§ **WHAT IS BEING ASKED**: A word-for-word copy of the entries below is required.

--- INPUT FOR THIS TASK ---

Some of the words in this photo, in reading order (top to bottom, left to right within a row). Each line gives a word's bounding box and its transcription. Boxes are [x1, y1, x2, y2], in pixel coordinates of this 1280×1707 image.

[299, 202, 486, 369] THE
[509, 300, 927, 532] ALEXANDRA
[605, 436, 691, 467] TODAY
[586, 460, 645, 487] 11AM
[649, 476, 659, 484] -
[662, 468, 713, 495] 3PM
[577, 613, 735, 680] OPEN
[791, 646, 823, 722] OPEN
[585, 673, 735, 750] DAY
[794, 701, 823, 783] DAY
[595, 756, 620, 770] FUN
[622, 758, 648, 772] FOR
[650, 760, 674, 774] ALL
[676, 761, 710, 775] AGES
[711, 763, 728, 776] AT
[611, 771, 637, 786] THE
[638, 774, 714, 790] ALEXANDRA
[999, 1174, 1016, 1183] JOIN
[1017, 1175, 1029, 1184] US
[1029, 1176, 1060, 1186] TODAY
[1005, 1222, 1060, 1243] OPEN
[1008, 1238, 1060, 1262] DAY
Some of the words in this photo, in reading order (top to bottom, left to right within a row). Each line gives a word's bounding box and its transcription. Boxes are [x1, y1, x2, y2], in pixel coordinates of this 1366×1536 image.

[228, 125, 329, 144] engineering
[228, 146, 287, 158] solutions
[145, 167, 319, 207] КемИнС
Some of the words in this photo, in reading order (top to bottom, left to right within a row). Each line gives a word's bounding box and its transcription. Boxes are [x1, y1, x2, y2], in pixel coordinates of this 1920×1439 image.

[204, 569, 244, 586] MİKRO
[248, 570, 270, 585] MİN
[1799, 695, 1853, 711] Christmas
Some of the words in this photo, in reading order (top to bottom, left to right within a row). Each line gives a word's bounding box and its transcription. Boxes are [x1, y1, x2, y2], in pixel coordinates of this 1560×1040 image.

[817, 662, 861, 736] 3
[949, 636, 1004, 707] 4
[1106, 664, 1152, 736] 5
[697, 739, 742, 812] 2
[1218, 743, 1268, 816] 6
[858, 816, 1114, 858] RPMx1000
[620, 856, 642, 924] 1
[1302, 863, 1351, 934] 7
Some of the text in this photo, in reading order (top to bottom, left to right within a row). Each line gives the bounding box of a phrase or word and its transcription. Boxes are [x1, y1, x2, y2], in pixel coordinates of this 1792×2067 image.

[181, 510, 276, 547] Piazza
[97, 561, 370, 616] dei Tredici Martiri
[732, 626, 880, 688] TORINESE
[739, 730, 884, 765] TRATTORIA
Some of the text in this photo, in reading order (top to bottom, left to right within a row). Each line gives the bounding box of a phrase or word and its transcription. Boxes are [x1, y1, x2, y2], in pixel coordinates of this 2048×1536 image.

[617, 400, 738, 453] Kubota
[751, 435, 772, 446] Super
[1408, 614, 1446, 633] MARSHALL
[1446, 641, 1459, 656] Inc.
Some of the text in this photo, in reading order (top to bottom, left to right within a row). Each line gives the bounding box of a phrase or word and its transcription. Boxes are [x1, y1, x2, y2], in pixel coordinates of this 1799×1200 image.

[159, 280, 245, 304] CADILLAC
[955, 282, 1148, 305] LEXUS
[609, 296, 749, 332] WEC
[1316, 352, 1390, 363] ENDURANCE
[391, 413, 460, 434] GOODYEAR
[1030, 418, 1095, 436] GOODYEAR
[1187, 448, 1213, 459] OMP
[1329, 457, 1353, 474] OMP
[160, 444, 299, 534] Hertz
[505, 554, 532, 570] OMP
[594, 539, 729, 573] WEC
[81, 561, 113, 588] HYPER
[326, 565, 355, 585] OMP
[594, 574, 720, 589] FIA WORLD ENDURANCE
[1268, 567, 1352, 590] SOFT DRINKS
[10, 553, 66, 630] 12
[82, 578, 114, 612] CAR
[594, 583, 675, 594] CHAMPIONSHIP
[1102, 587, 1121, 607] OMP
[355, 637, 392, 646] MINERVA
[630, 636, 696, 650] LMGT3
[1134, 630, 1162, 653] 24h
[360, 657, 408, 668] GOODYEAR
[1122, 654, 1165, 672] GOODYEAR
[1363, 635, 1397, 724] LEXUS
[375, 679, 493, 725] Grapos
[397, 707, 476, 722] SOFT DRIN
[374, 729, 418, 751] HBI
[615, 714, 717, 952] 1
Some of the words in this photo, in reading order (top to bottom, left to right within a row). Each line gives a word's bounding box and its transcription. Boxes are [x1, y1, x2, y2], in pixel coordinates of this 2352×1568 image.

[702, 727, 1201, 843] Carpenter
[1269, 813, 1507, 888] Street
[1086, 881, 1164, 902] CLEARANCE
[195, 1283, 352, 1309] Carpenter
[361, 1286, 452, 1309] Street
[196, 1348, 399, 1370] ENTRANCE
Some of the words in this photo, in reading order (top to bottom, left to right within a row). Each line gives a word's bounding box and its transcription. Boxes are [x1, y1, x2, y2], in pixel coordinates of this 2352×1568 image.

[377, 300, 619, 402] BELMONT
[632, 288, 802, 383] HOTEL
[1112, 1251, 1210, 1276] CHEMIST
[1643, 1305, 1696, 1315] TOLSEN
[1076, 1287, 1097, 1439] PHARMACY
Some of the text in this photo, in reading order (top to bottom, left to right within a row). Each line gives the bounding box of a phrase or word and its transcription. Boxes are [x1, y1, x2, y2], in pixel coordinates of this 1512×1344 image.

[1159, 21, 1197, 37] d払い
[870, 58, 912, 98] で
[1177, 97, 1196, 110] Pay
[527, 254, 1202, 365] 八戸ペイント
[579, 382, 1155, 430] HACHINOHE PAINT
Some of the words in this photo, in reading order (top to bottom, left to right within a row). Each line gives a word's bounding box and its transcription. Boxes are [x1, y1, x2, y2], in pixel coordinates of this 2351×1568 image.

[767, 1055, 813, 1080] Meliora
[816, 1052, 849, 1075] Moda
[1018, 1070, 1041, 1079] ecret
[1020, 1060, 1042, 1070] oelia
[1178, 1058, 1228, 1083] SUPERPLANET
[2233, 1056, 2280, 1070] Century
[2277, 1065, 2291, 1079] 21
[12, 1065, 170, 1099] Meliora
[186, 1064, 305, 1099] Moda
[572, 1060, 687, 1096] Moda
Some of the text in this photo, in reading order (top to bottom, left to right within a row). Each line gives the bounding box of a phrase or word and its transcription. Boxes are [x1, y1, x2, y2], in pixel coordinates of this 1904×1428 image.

---

§ **WRITTEN ANSWER**:
Some of the words in this photo, in reading order (top to bottom, left to right within a row). Each line gives a word's bounding box and its transcription. Boxes are [x1, y1, x2, y2], in pixel coordinates of this 1280×1707 image.

[299, 202, 486, 369] THE
[509, 300, 927, 532] ALEXANDRA
[605, 436, 691, 467] TODAY
[586, 460, 645, 487] 11AM
[649, 476, 659, 484] -
[662, 468, 713, 495] 3PM
[577, 613, 735, 680] OPEN
[791, 646, 823, 722] OPEN
[585, 673, 735, 750] DAY
[794, 701, 823, 783] DAY
[595, 756, 620, 770] FUN
[622, 758, 648, 772] FOR
[650, 760, 674, 774] ALL
[676, 761, 710, 775] AGES
[711, 763, 728, 776] AT
[611, 771, 637, 786] THE
[638, 774, 714, 790] ALEXANDRA
[999, 1174, 1016, 1183] JOIN
[1017, 1175, 1029, 1184] US
[1029, 1176, 1060, 1186] TODAY
[1005, 1222, 1060, 1243] OPEN
[1008, 1238, 1060, 1262] DAY
Some of the words in this photo, in reading order (top to bottom, left to right within a row). Each line gives a word's bounding box and its transcription. Boxes are [x1, y1, x2, y2], in pixel coordinates of this 1366×1536 image.

[228, 125, 329, 144] engineering
[228, 146, 287, 158] solutions
[145, 167, 319, 207] КемИнС
Some of the words in this photo, in reading order (top to bottom, left to right within a row). Each line gives a word's bounding box and its transcription. Boxes are [x1, y1, x2, y2], in pixel coordinates of this 1920×1439 image.

[204, 569, 244, 586] MİKRO
[248, 570, 270, 585] MİN
[1799, 695, 1853, 711] Christmas
Some of the words in this photo, in reading order (top to bottom, left to right within a row). Each line gives a word's bounding box and its transcription. Boxes are [x1, y1, x2, y2], in pixel coordinates of this 1560×1040 image.

[817, 662, 861, 736] 3
[949, 636, 1004, 707] 4
[1106, 664, 1152, 736] 5
[697, 739, 742, 812] 2
[1218, 743, 1268, 816] 6
[858, 816, 1114, 858] RPMx1000
[620, 856, 642, 924] 1
[1302, 863, 1351, 934] 7
Some of the text in this photo, in reading order (top to bottom, left to right within a row). Each line gives the bounding box of a phrase or word and its transcription. Boxes are [x1, y1, x2, y2], in pixel coordinates of this 1792×2067 image.

[181, 510, 276, 547] Piazza
[97, 561, 370, 616] dei Tredici Martiri
[732, 626, 880, 688] TORINESE
[739, 730, 884, 765] TRATTORIA
Some of the text in this photo, in reading order (top to bottom, left to right within a row). Each line gives the bounding box of a phrase or word and its transcription. Boxes are [x1, y1, x2, y2], in pixel coordinates of this 2048×1536 image.

[617, 400, 738, 453] Kubota
[751, 435, 772, 446] Super
[1408, 614, 1446, 633] MARSHALL
[1446, 641, 1459, 656] Inc.
Some of the text in this photo, in reading order (top to bottom, left to right within a row). Each line gives the bounding box of a phrase or word and its transcription. Boxes are [x1, y1, x2, y2], in pixel coordinates of this 1799×1200 image.

[159, 280, 245, 304] CADILLAC
[955, 282, 1148, 305] LEXUS
[609, 296, 749, 332] WEC
[1316, 352, 1390, 363] ENDURANCE
[391, 413, 460, 434] GOODYEAR
[1030, 418, 1095, 436] GOODYEAR
[1187, 448, 1213, 459] OMP
[1329, 457, 1353, 474] OMP
[160, 444, 299, 534] Hertz
[505, 554, 532, 570] OMP
[594, 539, 729, 573] WEC
[81, 561, 113, 588] HYPER
[326, 565, 355, 585] OMP
[594, 574, 720, 589] FIA WORLD ENDURANCE
[1268, 567, 1352, 590] SOFT DRINKS
[10, 553, 66, 630] 12
[82, 578, 114, 612] CAR
[594, 583, 675, 594] CHAMPIONSHIP
[1102, 587, 1121, 607] OMP
[355, 637, 392, 646] MINERVA
[630, 636, 696, 650] LMGT3
[1134, 630, 1162, 653] 24h
[360, 657, 408, 668] GOODYEAR
[1122, 654, 1165, 672] GOODYEAR
[1363, 635, 1397, 724] LEXUS
[375, 679, 493, 725] Grapos
[397, 707, 476, 722] SOFT DRIN
[374, 729, 418, 751] HBI
[615, 714, 717, 952] 1
Some of the words in this photo, in reading order (top to bottom, left to right within a row). Each line gives a word's bounding box and its transcription. Boxes are [x1, y1, x2, y2], in pixel coordinates of this 2352×1568 image.

[702, 727, 1201, 843] Carpenter
[1269, 813, 1507, 888] Street
[1086, 881, 1164, 902] CLEARANCE
[195, 1283, 352, 1309] Carpenter
[361, 1286, 452, 1309] Street
[196, 1348, 399, 1370] ENTRANCE
Some of the words in this photo, in reading order (top to bottom, left to right within a row). Each line gives a word's bounding box and its transcription. Boxes are [x1, y1, x2, y2], in pixel coordinates of this 2352×1568 image.

[377, 300, 619, 402] BELMONT
[632, 288, 802, 383] HOTEL
[1112, 1251, 1210, 1276] CHEMIST
[1643, 1305, 1696, 1315] TOLSEN
[1076, 1287, 1097, 1439] PHARMACY
Some of the text in this photo, in reading order (top to bottom, left to right within a row). Each line gives the bounding box of a phrase or word and its transcription. Boxes are [x1, y1, x2, y2], in pixel coordinates of this 1512×1344 image.

[1159, 21, 1197, 37] d払い
[870, 58, 912, 98] で
[1177, 97, 1196, 110] Pay
[527, 254, 1202, 365] 八戸ペイント
[579, 382, 1155, 430] HACHINOHE PAINT
Some of the words in this photo, in reading order (top to bottom, left to right within a row). Each line gives a word's bounding box and its transcription. Boxes are [x1, y1, x2, y2], in pixel coordinates of this 2351×1568 image.

[767, 1055, 813, 1080] Meliora
[816, 1052, 849, 1075] Moda
[1018, 1070, 1041, 1079] ecret
[1020, 1060, 1042, 1070] oelia
[1178, 1058, 1228, 1083] SUPERPLANET
[2233, 1056, 2280, 1070] Century
[2277, 1065, 2291, 1079] 21
[12, 1065, 170, 1099] Meliora
[186, 1064, 305, 1099] Moda
[572, 1060, 687, 1096] Moda
Some of the text in this photo, in reading order (top to bottom, left to right within a row). Each line gives the bounding box of a phrase or word and its transcription. Boxes are [x1, y1, x2, y2], in pixel coordinates of this 1904×1428 image.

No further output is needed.